(Records shown begins)

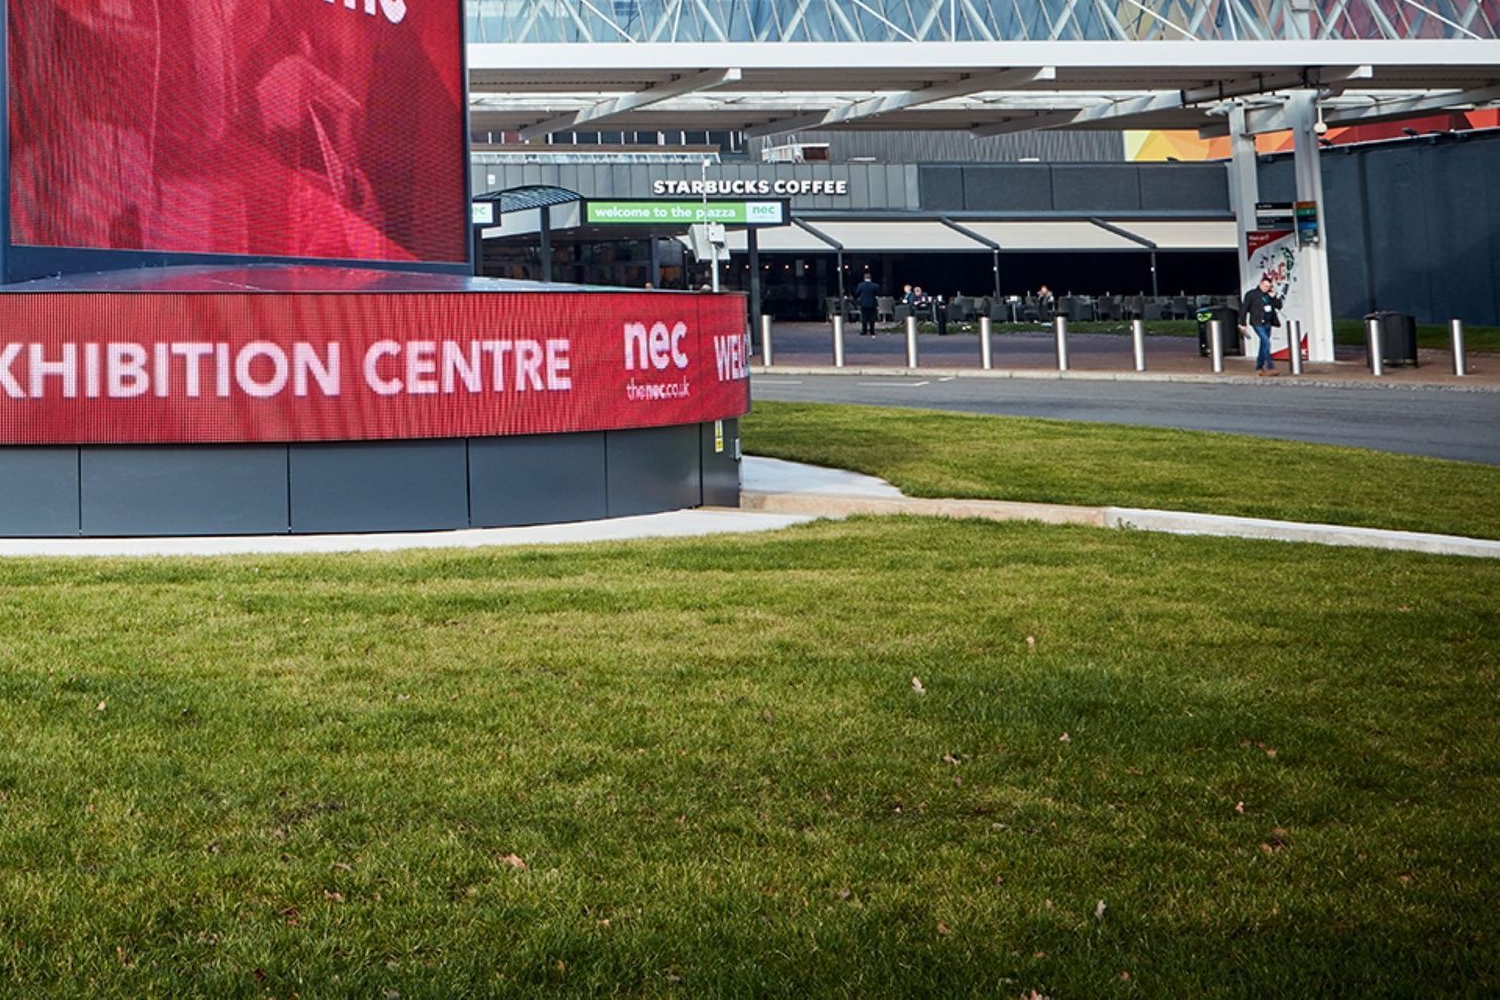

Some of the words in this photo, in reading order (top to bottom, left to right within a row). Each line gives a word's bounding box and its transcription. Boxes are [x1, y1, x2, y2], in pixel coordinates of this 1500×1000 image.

[653, 180, 769, 195] STARBUCKS
[774, 180, 847, 195] COFFEE
[595, 206, 650, 218] welcome
[653, 207, 668, 218] to
[671, 206, 692, 218] the
[695, 207, 736, 221] pazza
[752, 206, 775, 216] nec
[623, 321, 689, 370] nec
[713, 333, 750, 382] WEL
[364, 339, 573, 395] CENTRE
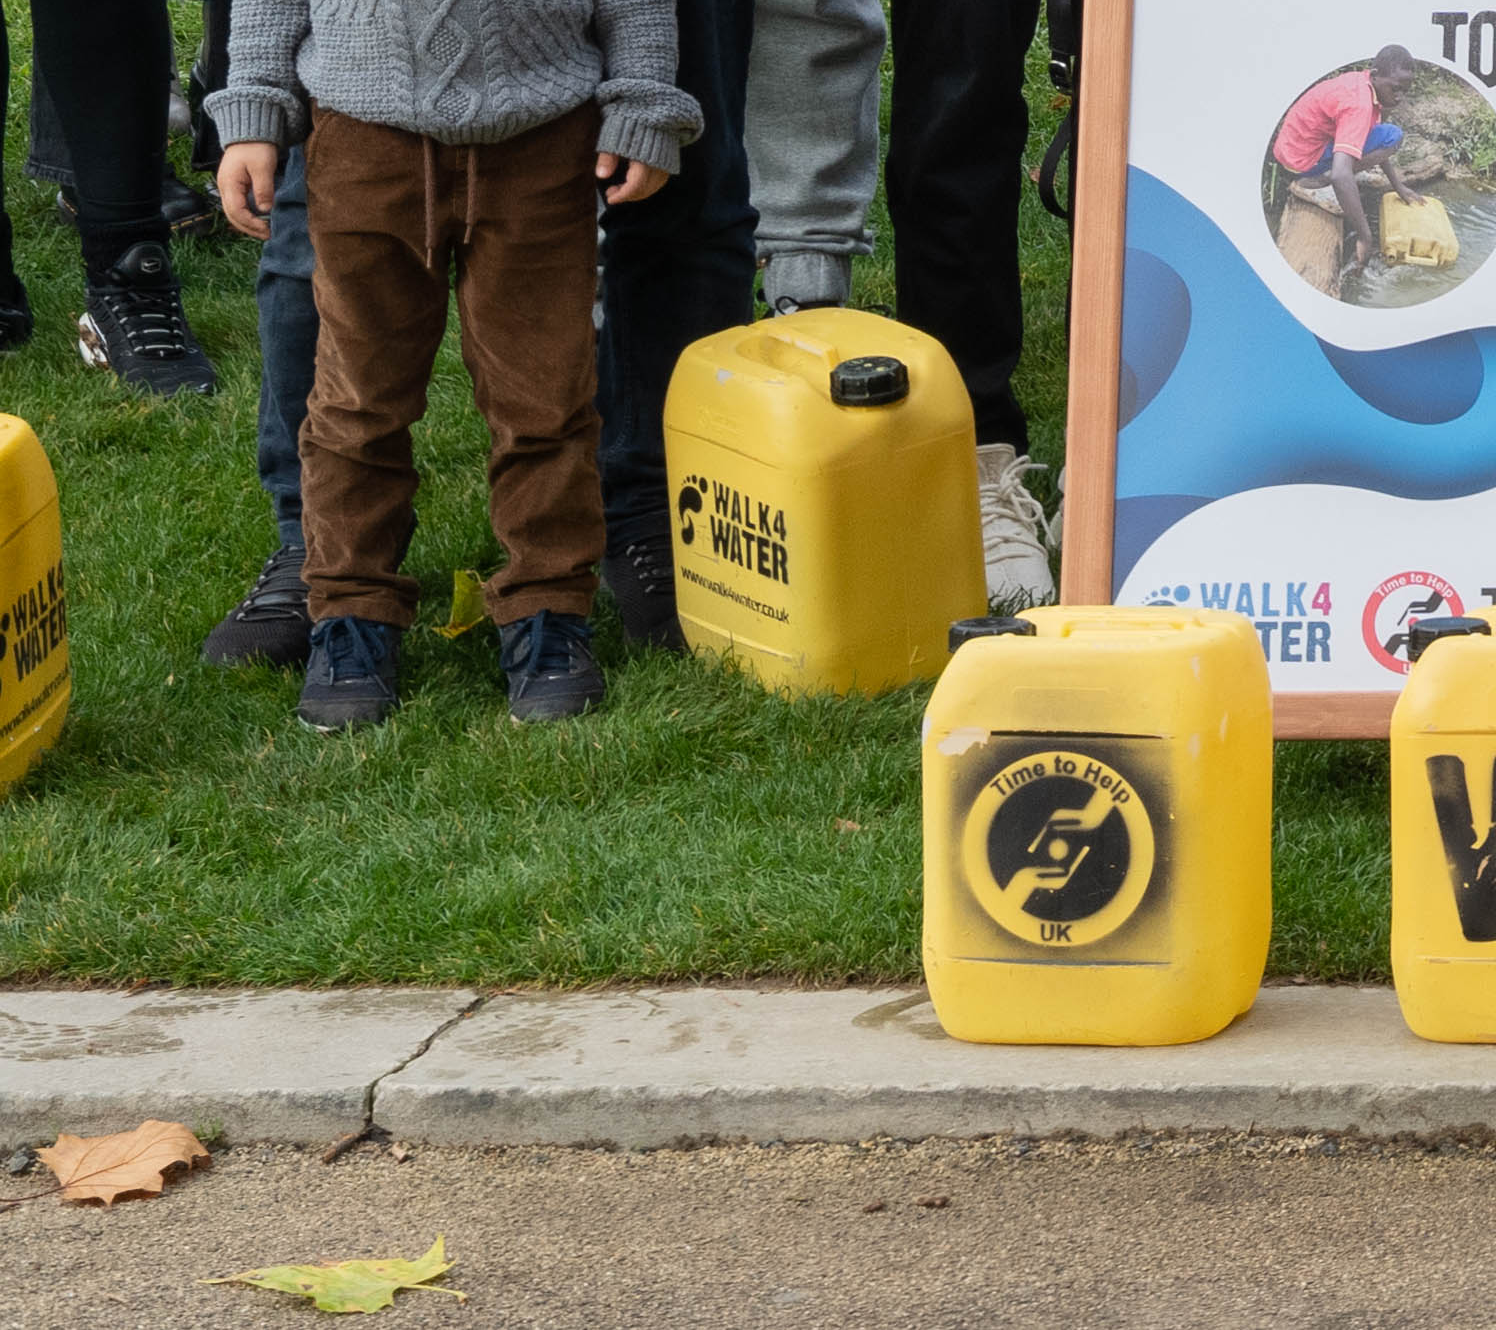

(Records shown ends)

*Task objective*
Retype the entries word for word. Omit any images.

*Answer to this problem*
Some of the words in this photo, in reading order (top to bottom, left to right within a row). Each line gives a word's bounding box and its transcription. Boxes are [x1, y1, x2, y2], in pixel coordinates of this 1500×1000 image.

[653, 180, 769, 195] STARBUCKS
[774, 180, 847, 195] COFFEE
[595, 206, 650, 218] welcome
[653, 207, 668, 218] to
[671, 206, 692, 218] the
[695, 207, 736, 221] pazza
[752, 206, 775, 216] nec
[623, 321, 689, 370] nec
[713, 333, 750, 382] WEL
[364, 339, 573, 395] CENTRE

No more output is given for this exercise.